My headphones that I did a patch job on broke again. The repair I did failed to last. Admittedly it was a ghetto patch but I was having trouble getting it to work as it was.
I could just replace the headphones but Id rather not replace perfectly fine headphones that the only issue is the cable.
I cant afford to spend much on the repair but I can pay for shipping both ways. Ill include a return shipping label. All you would have to do is return it in the original box.
I am looking to have the cable replaced with a 3.5mm either male or female jack near the earcup effectively turning them into a quick-connect so that I can attach different length cables to them as well as replace the cable should it break. Also it will help protect the headphones should I trip over the cable.
Here are some photos I have taken of my Samson SR-850s.
You’re gonna pay more in shipping than what the headphones cost new, if you’ve got the supplies go for it yourself but expect to be shelling out for new headphones
You can by a cheap solding iron, solder, a female end cable and a male to male cable for less than shipping.
I know how you feel but I would say take a proper attempt at a repair. Worst case, you have functional tools and you now have to buy a new set 9f headphones.
It’ll be a pain in the neck to work on the cable so close to the headphones, but it can be done. Add heatshrink to that list. And in case we could possibly persuade you to take another go at it, what went wrong with your first attempt? One of us might be able to give some advice.
What I’d do is take the cup apart and solder the remaining cable onto the contact points inside it, tie a knot to take the strain and screw the cup back together. That’s what the manufacturers do.
No they don’t. Or at least the one I have doesn’t. It will require soldering, which is fine. I know how to do that. I just don’t know what type of cable exactly to get, and how to solder on said cable (caveats).
It should just twist to the left and pull out of the headphones. If not you can just buy a 3.5mm extension cable and cut one of the ends off and that should work.

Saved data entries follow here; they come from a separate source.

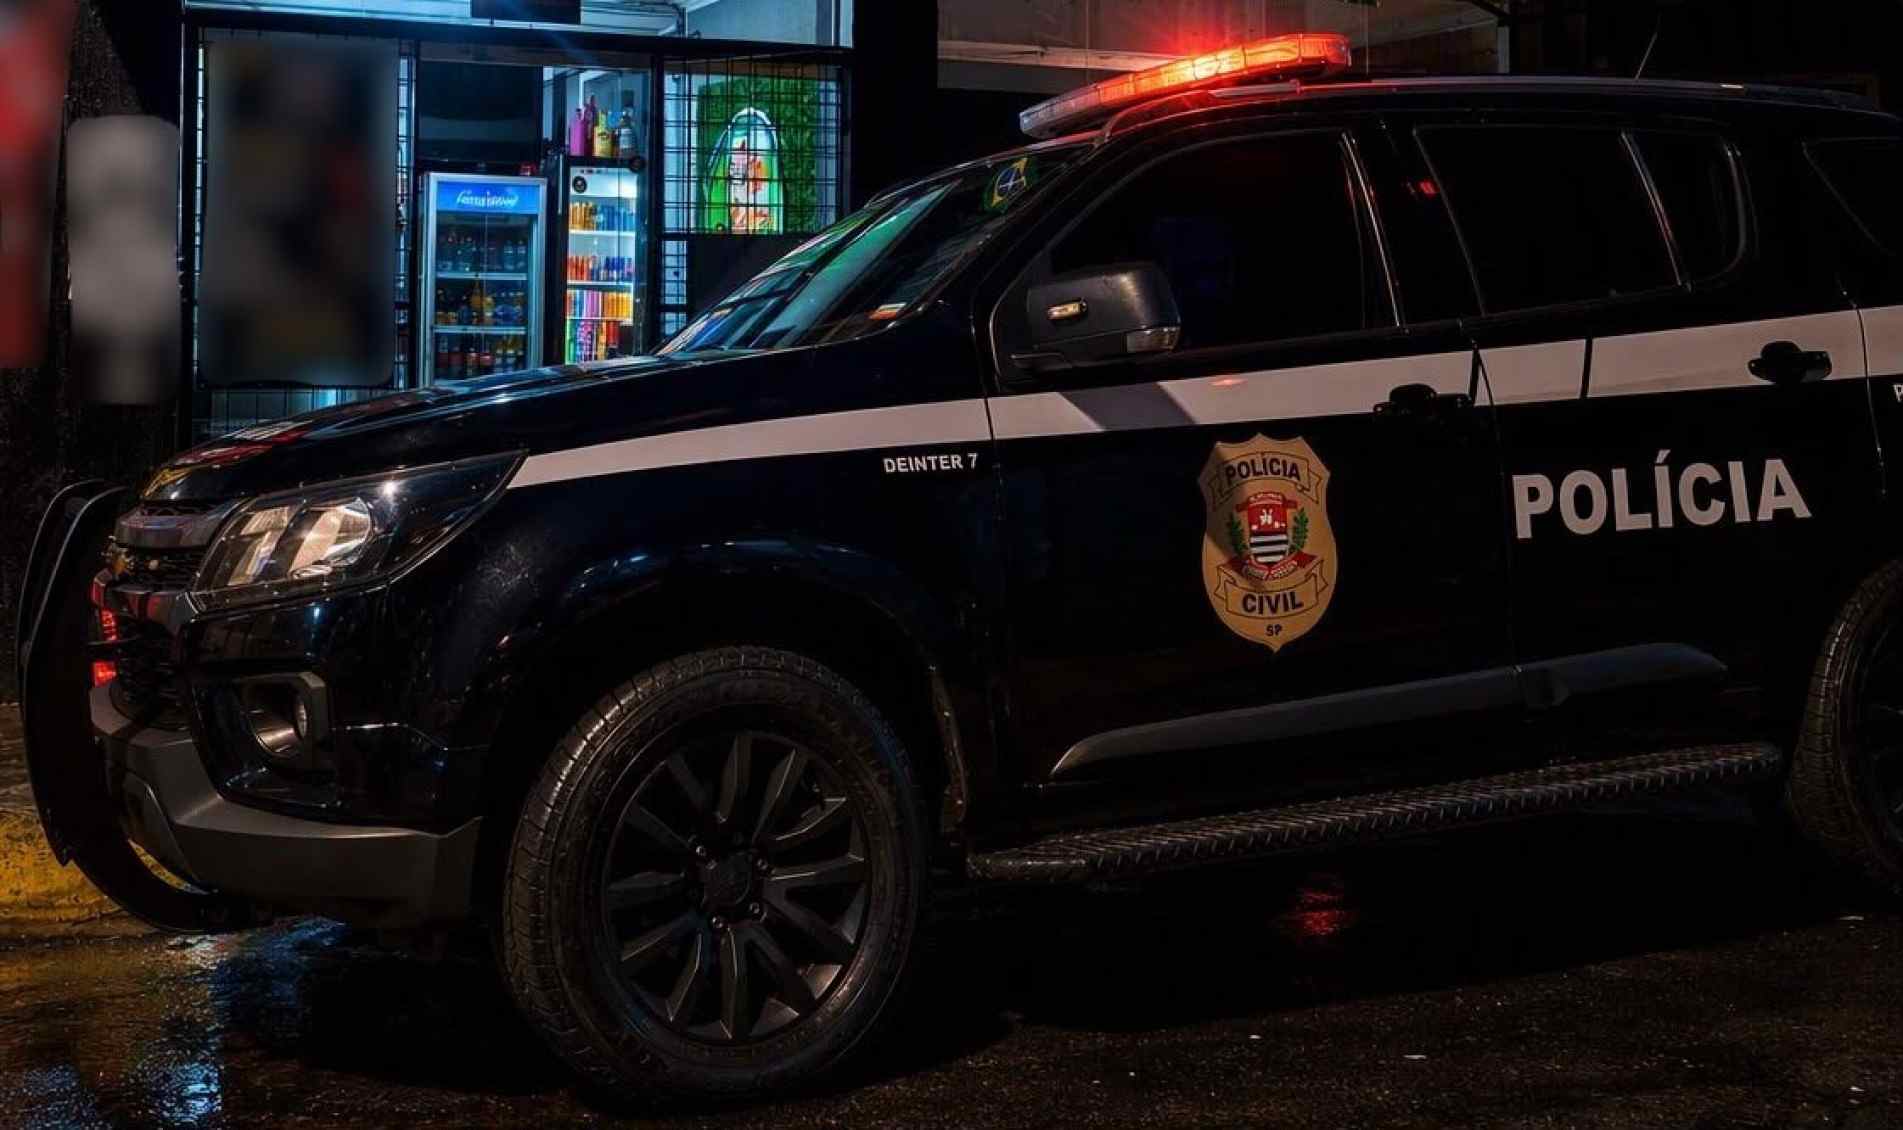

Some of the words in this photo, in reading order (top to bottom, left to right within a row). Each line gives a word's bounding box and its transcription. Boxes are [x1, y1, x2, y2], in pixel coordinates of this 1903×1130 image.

[883, 453, 964, 473] DEINTER
[967, 452, 978, 469] 7
[1512, 449, 1812, 539] POLÍCIA
[1242, 591, 1304, 615] CIVIL
[1265, 624, 1283, 637] SP

Well, it all started when the 3.5mm male end snapped in half. So, I was like…damn. All because I tripped over the 10 foot cord. I figured, why not fix it and make it safer? Move the jack to the earcup and make it a quick-connect so that If it gets caught on something, it can disconnect without A) Ripping the headphones off my head and B) destroying the headphones or cables.
As to what failed from my first attempt, the channels started flipflopping and then when I started to unwind the electrical tape I had wrapped it with (ghetto wrap - who has a heat gun?) the solder joints just came free like FREE WILLY!!!
Also, for those who say it would cost me more in shipping to the CONUS…these cans run ~50-70 dollars new. Flatrate shipping through USPS is dirt cheap and they are lightweight. I kinda doubt it would cost more to ship than to buy new (which would defeat the purpose of saving perfectly good cans that just have a cabling issue).
Well idk what to tell you it says on the sennheiser site that its removable. Have you tried to remove it?
This is the same model you have and you can see you just twist it left with a bit of force and then it will pull out https://youtu.be/TQROYQkJWYw?t=30
The thin leads for headphones can get that thin because the wires are coated with a super thin film for insulation, so as to save space. Thick insulation is not really needed when a minimal amount of volts run through them. However, this film is a pain when soldering. Use solder acid to wipe the ends before soldering, or burn it off with a butane lighter (don’t use candle lights, they expel a lot of sod, especially the cheap ones) however, certain places, like contact points can be tricky to burn, so use soldering acid on a q-tip. Also, apply plenty Flux, even if it is added to your soldering material, it is often not enough in my experience. This should provide the best conditions for your solder job to hold.
Edit: Actually, don’t burn the wires clean. Most if not all wires like that you’ll come across is copper-aluminium-clad, which will burn away. Only burn if it’s pure copper.